Exercise prompt
The expected response is an exact repetition of every record, with images excluded.

[Listed entries Boundary: Start]

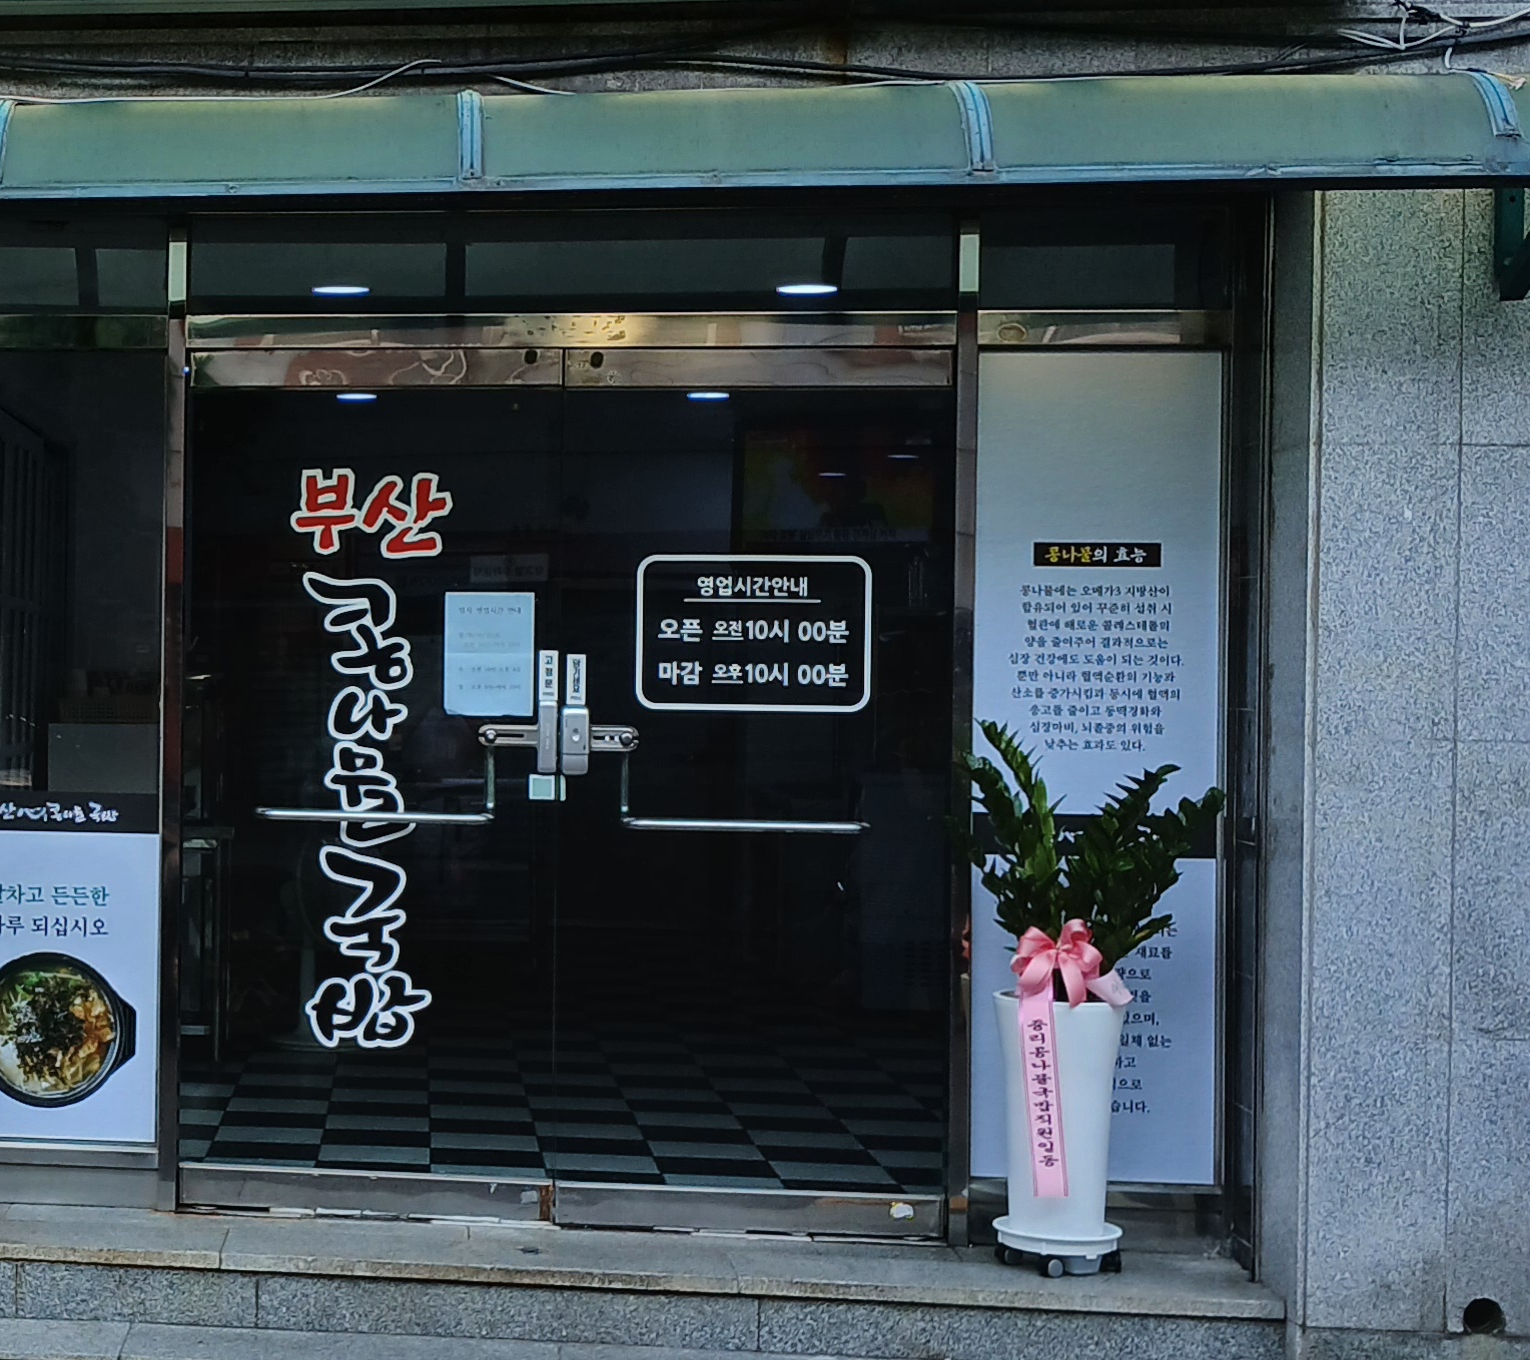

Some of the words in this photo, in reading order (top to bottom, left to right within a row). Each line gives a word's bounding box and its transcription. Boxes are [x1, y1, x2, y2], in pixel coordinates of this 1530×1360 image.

[290, 468, 453, 559] 부산
[1044, 546, 1108, 564] 콩나물의
[1113, 546, 1147, 564] 효능
[1020, 584, 1078, 597] 콩나물에는
[1080, 585, 1122, 597] 오메가3
[1124, 585, 1170, 598] 지방산이
[1160, 603, 1172, 615] 시
[657, 618, 704, 642] 오픈
[797, 620, 850, 644] 00분
[1008, 652, 1031, 665] 심장
[1034, 653, 1081, 665] 건강에도
[1083, 653, 1117, 666] 도움이
[1121, 654, 1144, 666] 되는
[1147, 654, 1184, 667] 것이다.
[657, 661, 703, 685] 마감
[797, 663, 849, 687] 00분
[1042, 670, 1077, 683] 아니라
[1066, 704, 1101, 717] 줄이고
[1081, 738, 1117, 752] 효과도
[1120, 739, 1146, 752] 있다.
[50, 885, 111, 907] 든든한
[31, 915, 110, 937] 되십시오
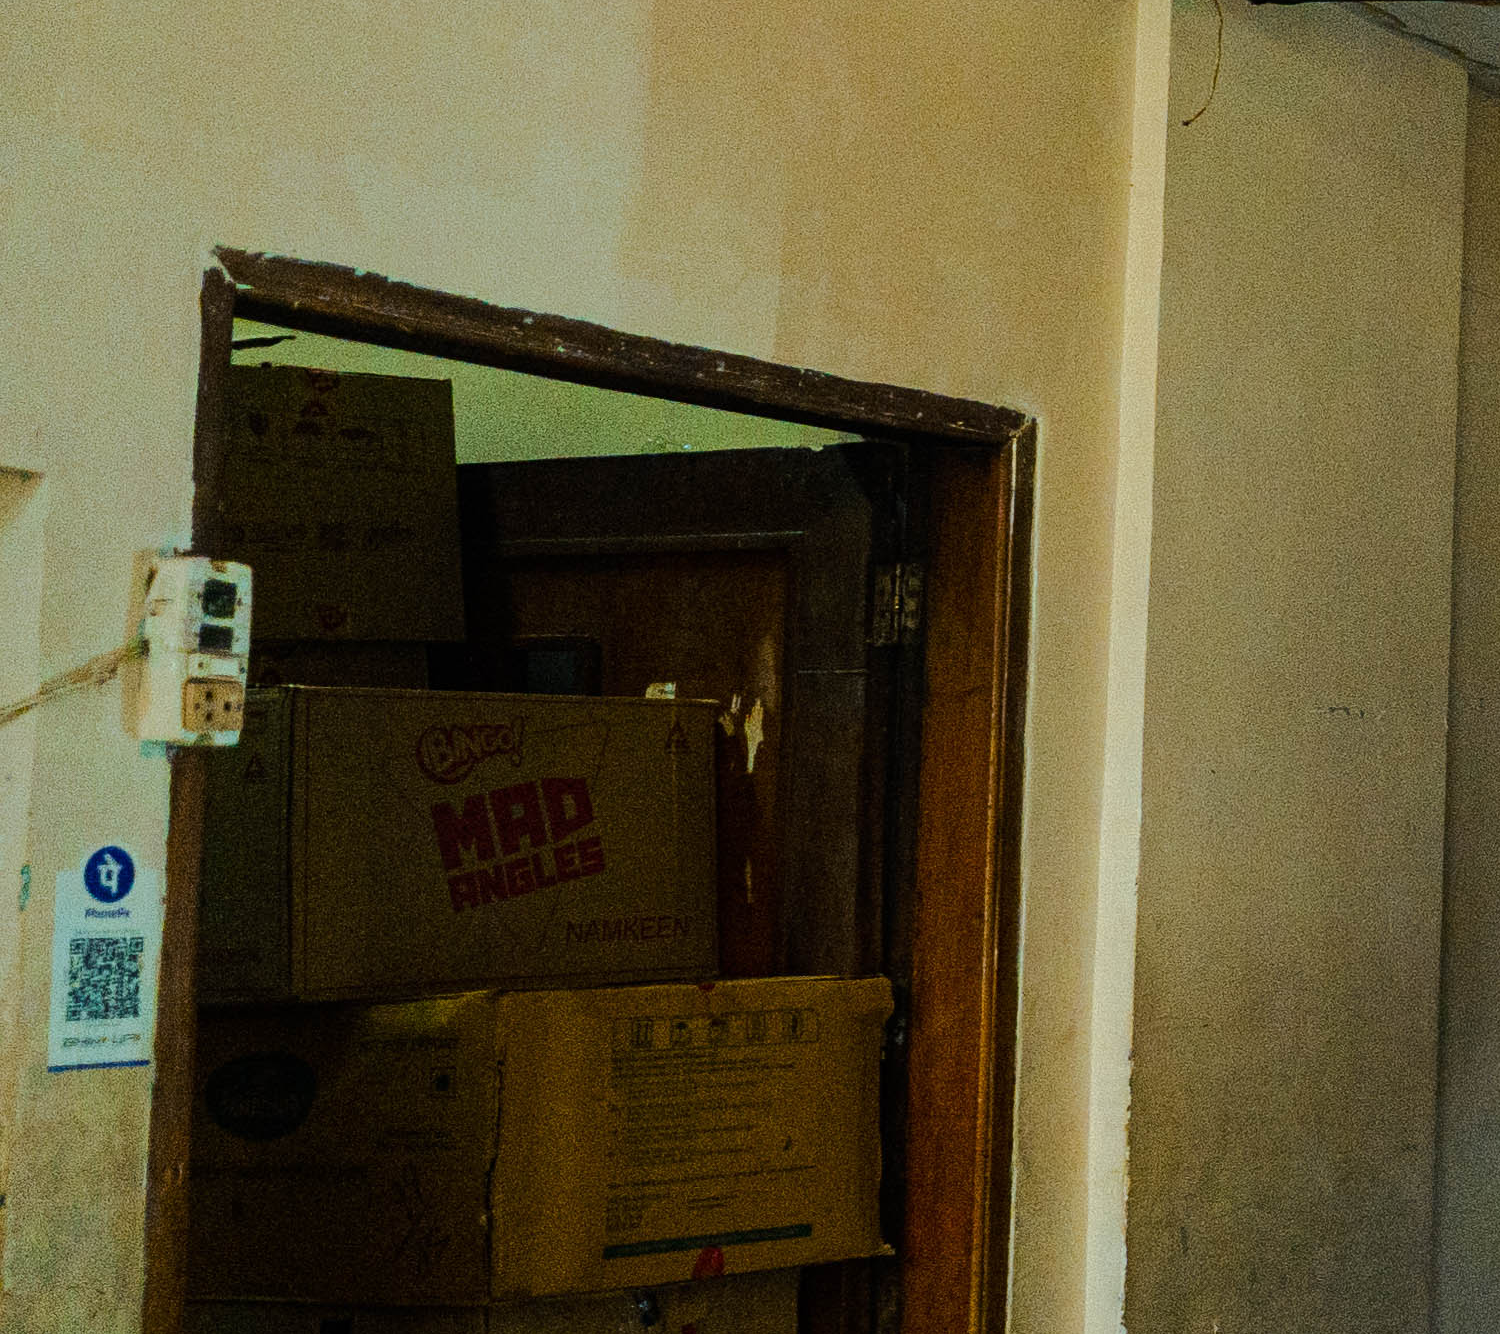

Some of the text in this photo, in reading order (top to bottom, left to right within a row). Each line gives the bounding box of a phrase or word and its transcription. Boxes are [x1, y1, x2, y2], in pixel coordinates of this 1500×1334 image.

[431, 777, 594, 869] MAD
[447, 838, 606, 914] ANGLES
[567, 917, 689, 946] NAMKEEN

[Listed entries Boundary: End]

The answer
Some of the words in this photo, in reading order (top to bottom, left to right within a row). Each line gives a word's bounding box and its transcription. Boxes are [x1, y1, x2, y2], in pixel coordinates of this 1530×1360 image.

[290, 468, 453, 559] 부산
[1044, 546, 1108, 564] 콩나물의
[1113, 546, 1147, 564] 효능
[1020, 584, 1078, 597] 콩나물에는
[1080, 585, 1122, 597] 오메가3
[1124, 585, 1170, 598] 지방산이
[1160, 603, 1172, 615] 시
[657, 618, 704, 642] 오픈
[797, 620, 850, 644] 00분
[1008, 652, 1031, 665] 심장
[1034, 653, 1081, 665] 건강에도
[1083, 653, 1117, 666] 도움이
[1121, 654, 1144, 666] 되는
[1147, 654, 1184, 667] 것이다.
[657, 661, 703, 685] 마감
[797, 663, 849, 687] 00분
[1042, 670, 1077, 683] 아니라
[1066, 704, 1101, 717] 줄이고
[1081, 738, 1117, 752] 효과도
[1120, 739, 1146, 752] 있다.
[50, 885, 111, 907] 든든한
[31, 915, 110, 937] 되십시오

Some of the text in this photo, in reading order (top to bottom, left to right within a row). Each line gives the bounding box of a phrase or word and its transcription. Boxes are [x1, y1, x2, y2], in pixel coordinates of this 1500×1334 image.

[431, 777, 594, 869] MAD
[447, 838, 606, 914] ANGLES
[567, 917, 689, 946] NAMKEEN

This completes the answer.